No todo está dibujado con el mismo detalle. Más bien, lo atractivo de este cuadro es el juego de enfoque: zonas borrosas de neblina espesa, y zonas serpenteadas por una brocha mediana, nunca por el pincel fino. Tengo recuerdos similares a los que acostumbro, bien delimitados, con los bordes abrillantados, de esos con los que nos engañamos diciéndonos “fue así”. Como si la memoria, incluso la de lo cotidiano, fuera de fiar; como si no fuera la traidora engañosa y juguetona que es. Pero también hay otros recuerdos nuevos, de esos de noche de marejada en las tripas de un camarote de cuarta en el mar de los Sargazos, de despertar confuso en algún sitio del verano tras una siesta de tres horas, de ese segundo que precede a la lipotimia bajo la perpendicular del sol del mediodía.

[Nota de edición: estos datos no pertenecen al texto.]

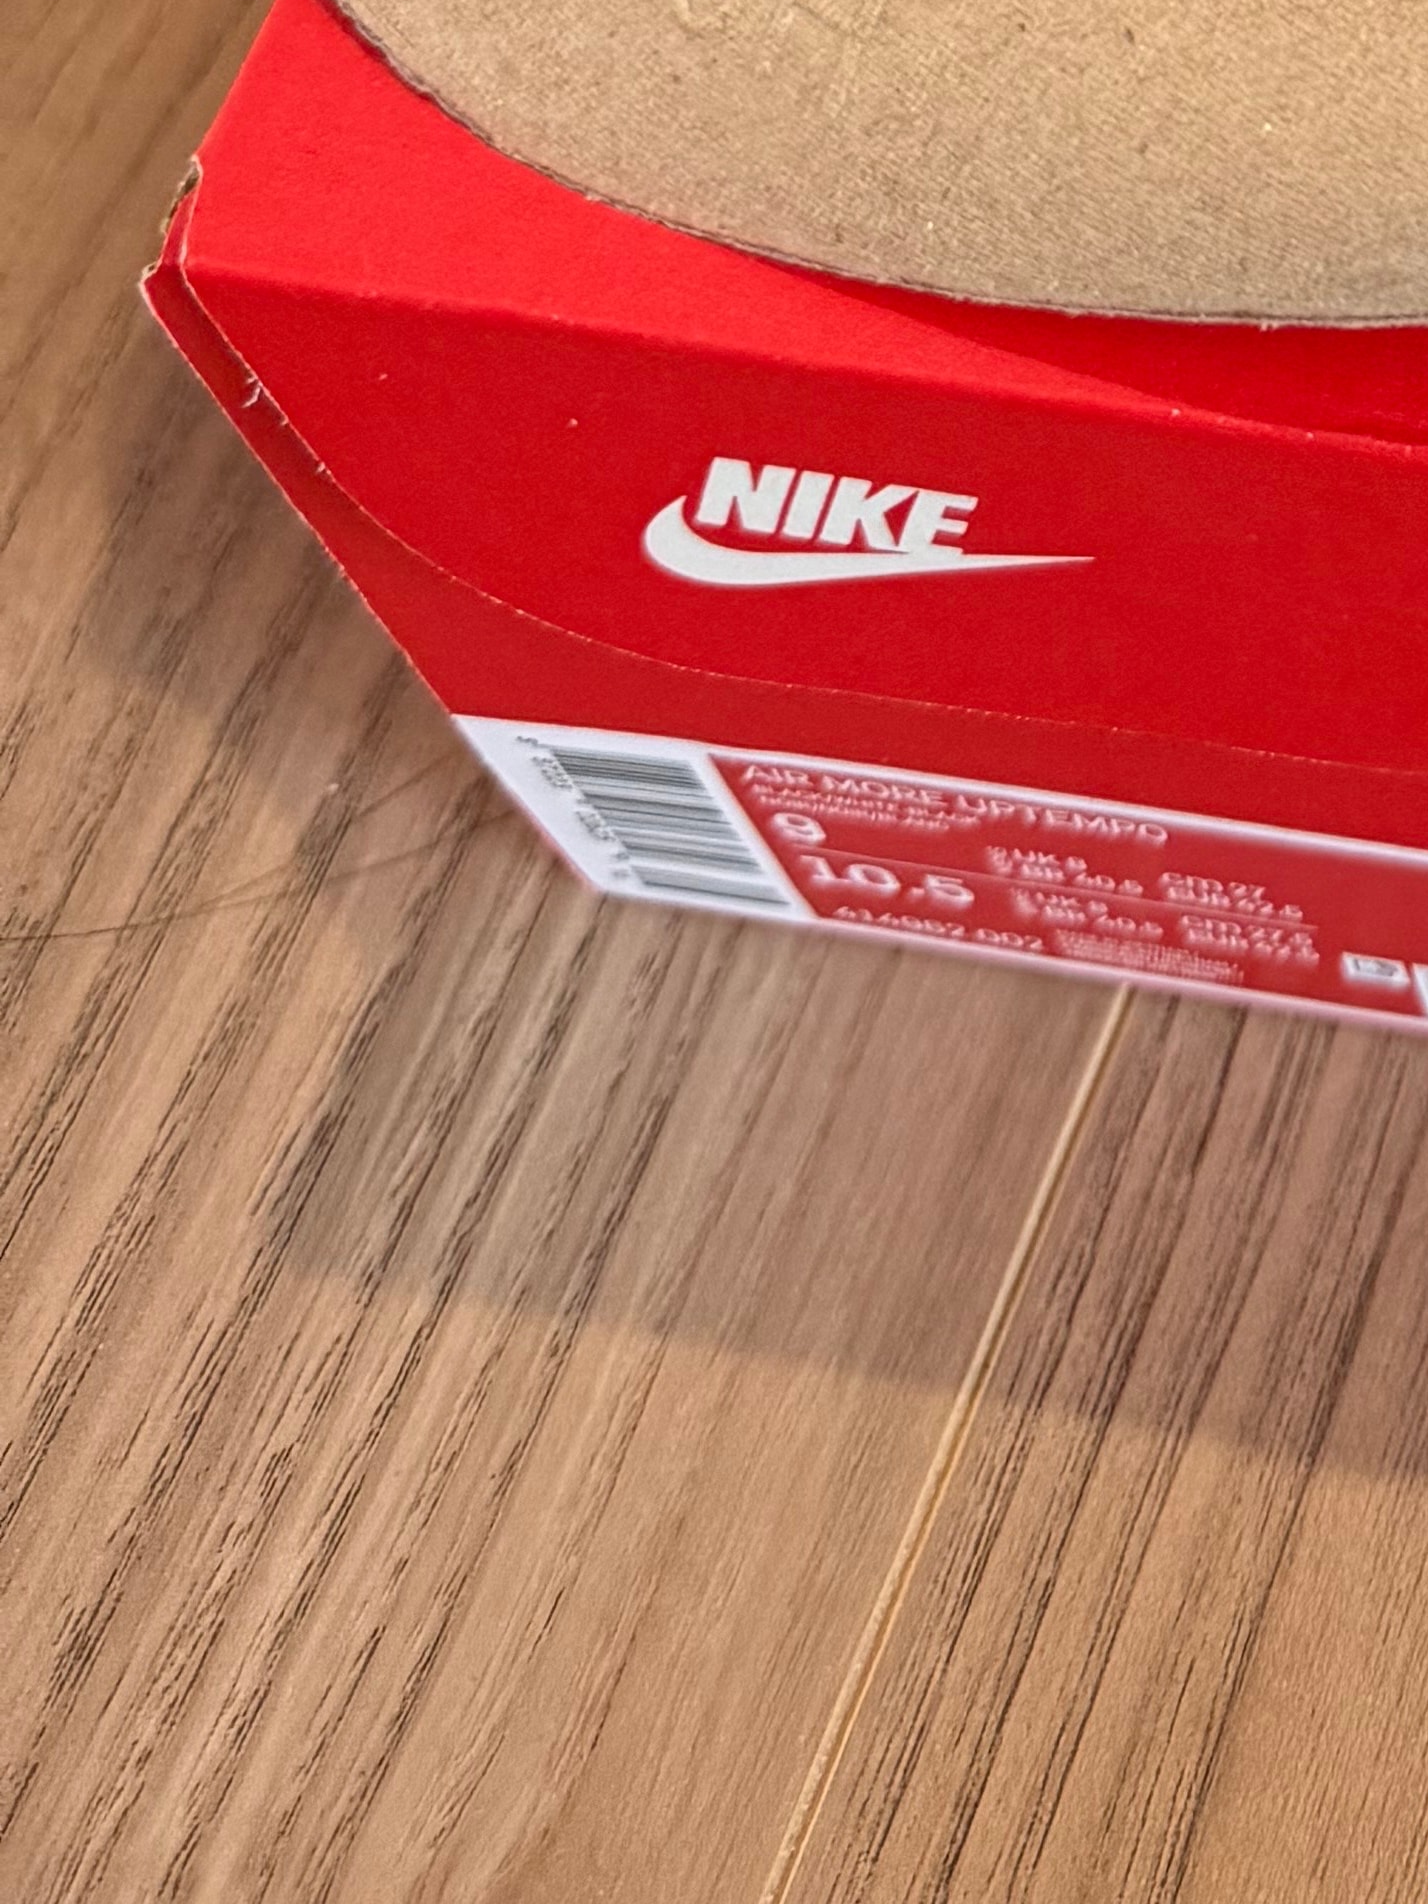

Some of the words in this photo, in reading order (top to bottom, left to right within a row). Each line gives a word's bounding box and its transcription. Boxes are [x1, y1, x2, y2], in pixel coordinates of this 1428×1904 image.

Uno de esos primeros recuerdos bien delineados tiene la intensidad de un portazo en una casa de techos altos. Mediados de Octubre. Aquel genio de la medicina -también conocida como terrorista sunita en nuestra casa- se empeña en confundir lo que resultó ser una proliferación benigna de la pared de mi útero con un embarazo de 20 semanas. Pese a no haber faltado a las citas rojas con pereza a intervalos irregulares y siempre mucho mayores que 28 días, pese a explicarle que se tomaron precauciones siempre y en todo lugar, pese a que el test de embarazo, tozudo, repite como un niño harto con los brazos cruzados: negativo, esta kamikaze del curar, insiste durante toda una mañana en que prepare la canastilla. Llega a describir casos en los que el parto ha sido el pregonero del embarazo. Cuando se ha ganado a pulso su afiliación a Sendero Luminoso, tal vez Al Qaeda decide manchar un papel blanco con estas palabras: “ecografía de urgencia”.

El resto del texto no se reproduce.